Foitn
Foitn

Reputation: 746

Float epsilon is different in c++ than c#

So small question, I've been looking into moving part of my C# code to C++ for performance reasons. Now when I look at my float.Epsilon in C# its value is different from my C++ value.

In C# the value, as described by microsoft is 1.401298E-45.

In C++ the value, as described by cppreferences is 1.19209e-07;

How can it be that the smallest possible value for a float/single can be different between these languages?

If I'm correct, the binary values should be equal in terms of number of bytes an maybe even their binary values. Or am I looking at this the wrong way?

Hope someone can help me, thanks!

Upvotes: 3

Views: 1428

Answers (3)

Dave Doknjas
Dave Doknjas

Reputation: 6542

From the link you referenced, you should use the value FLT_TRUE_MIN ("minimum positive value of float") if you want something similar to .NET Single.Epsilon ("smallest positive single value that is greater than zero").

Upvotes: 0

DownloadPizza
DownloadPizza

Reputation: 3466

C++

Returns the machine epsilon, that is, the difference between 1.0 and the next value representable by the floating-point type T. https://en.cppreference.com/w/cpp/types/numeric_limits/epsilon

C#

Represents the smallest positive Single value that is greater than zero. This field is constant. https://learn.microsoft.com/en-us/dotnet/api/system.single.epsilon?view=net-5.0

Conclusion

C# has next value from 0, C++ has next from 1. Two completely different things.

Edit: The other answer is probably more correct

Upvotes: 2

Matthew Watson
Matthew Watson

Reputation: 109862

The second value you quoted is the machine epsilon for IEEE binary32 values.
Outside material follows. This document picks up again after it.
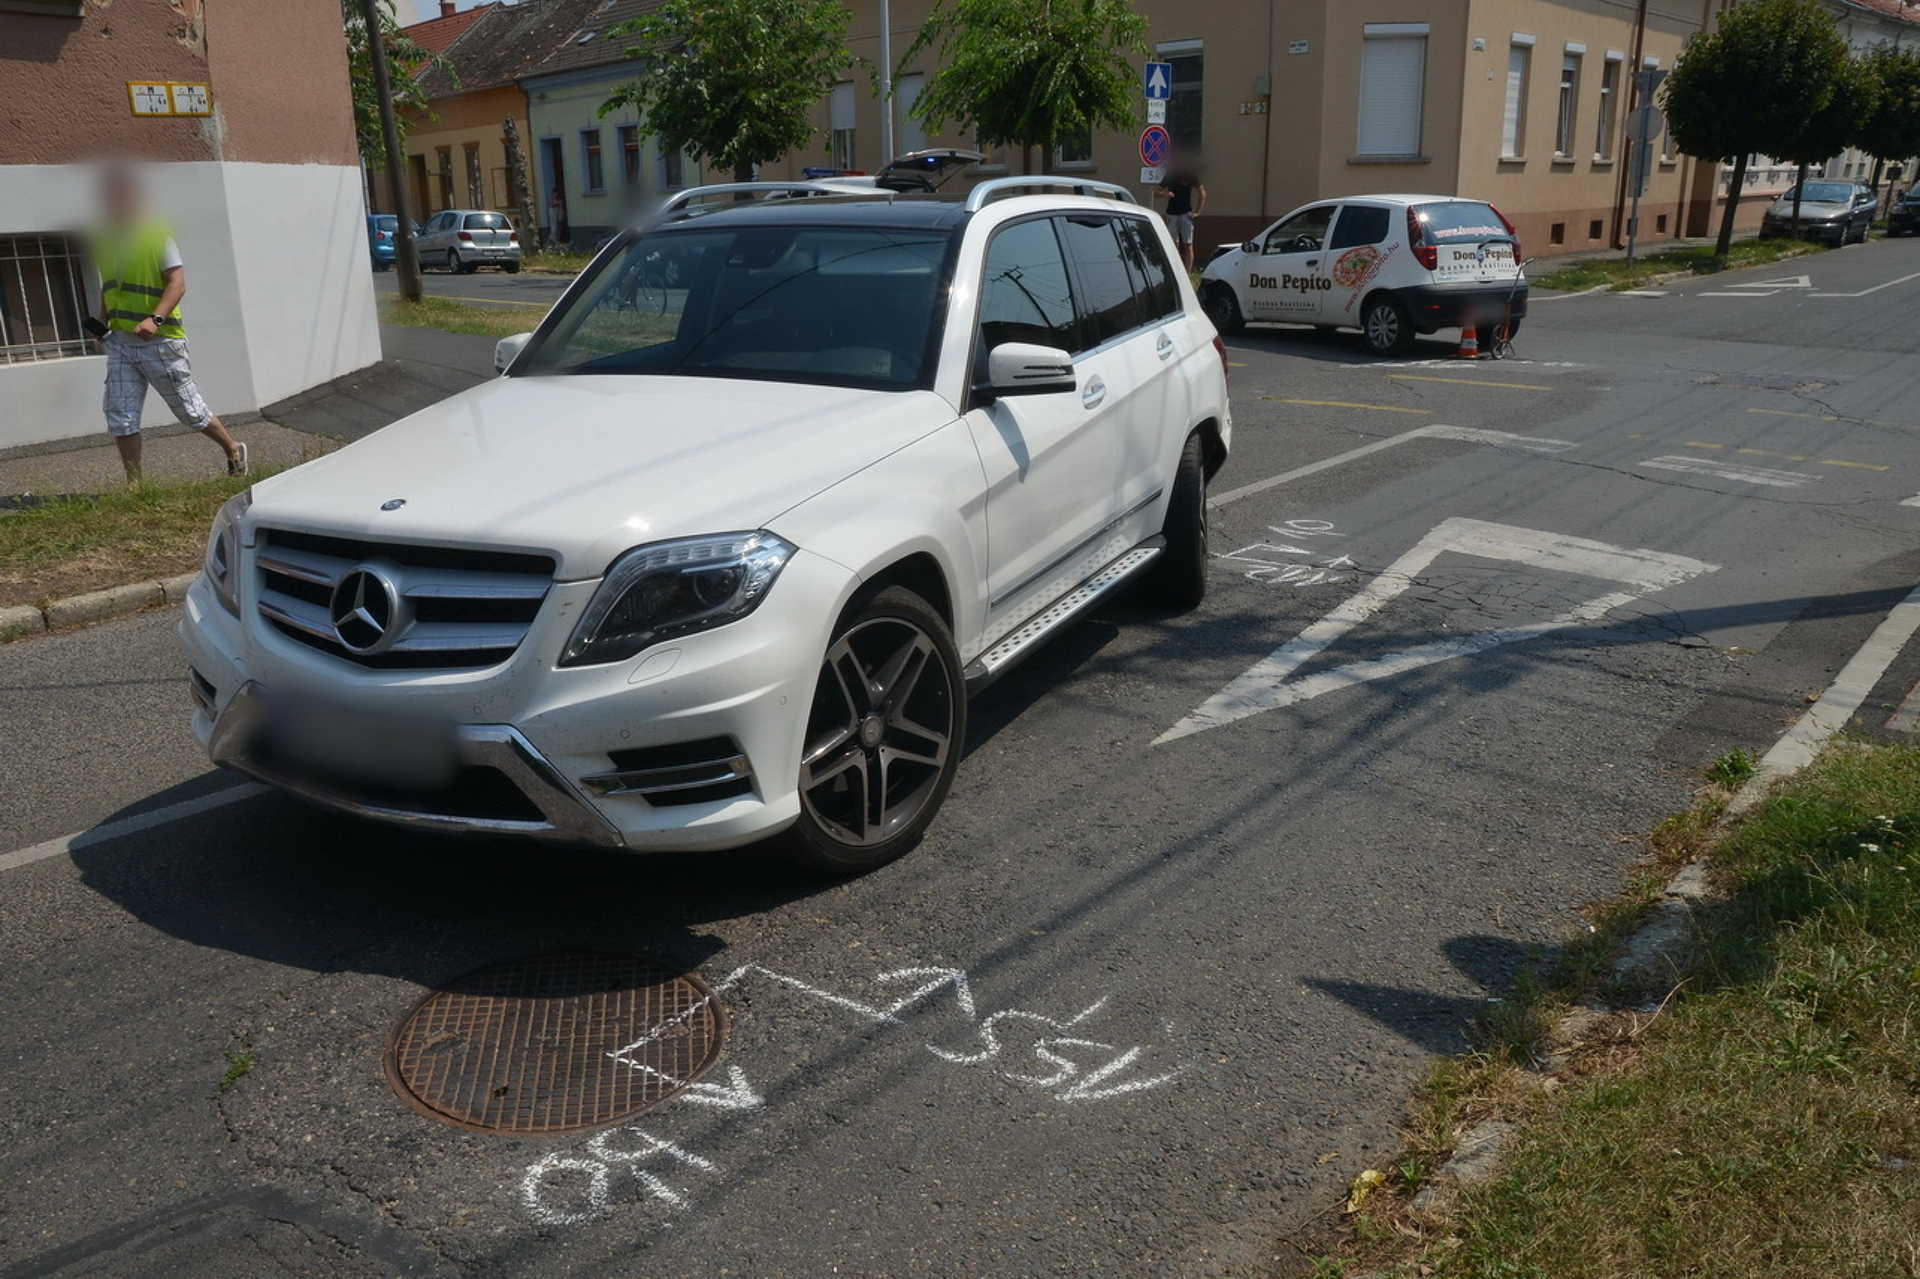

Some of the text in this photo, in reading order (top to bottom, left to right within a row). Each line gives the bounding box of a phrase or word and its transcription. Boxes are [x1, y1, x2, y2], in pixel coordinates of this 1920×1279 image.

[1453, 247, 1513, 261] Don Pepito
[1249, 272, 1332, 294] Don Pepito
The first value you quoted is NOT the machine epsilon. From the documentation you linked:

The value of the Epsilon property is not equivalent to machine epsilon, which represents the upper bound of the relative error due to rounding in floating-point arithmetic.

From the wiki Variant Definitions section for machine epsilon:

The IEEE standard does not define the terms machine epsilon and unit roundoff, so differing definitions of these terms are in use, which can cause some confusion.

...

The following different definition is much more widespread outside academia: Machine epsilon is defined as the difference between 1 and the next larger floating point number.

The C# documentation is using that variant definition.

So the answer is that you are comparing two different types of Epsilon.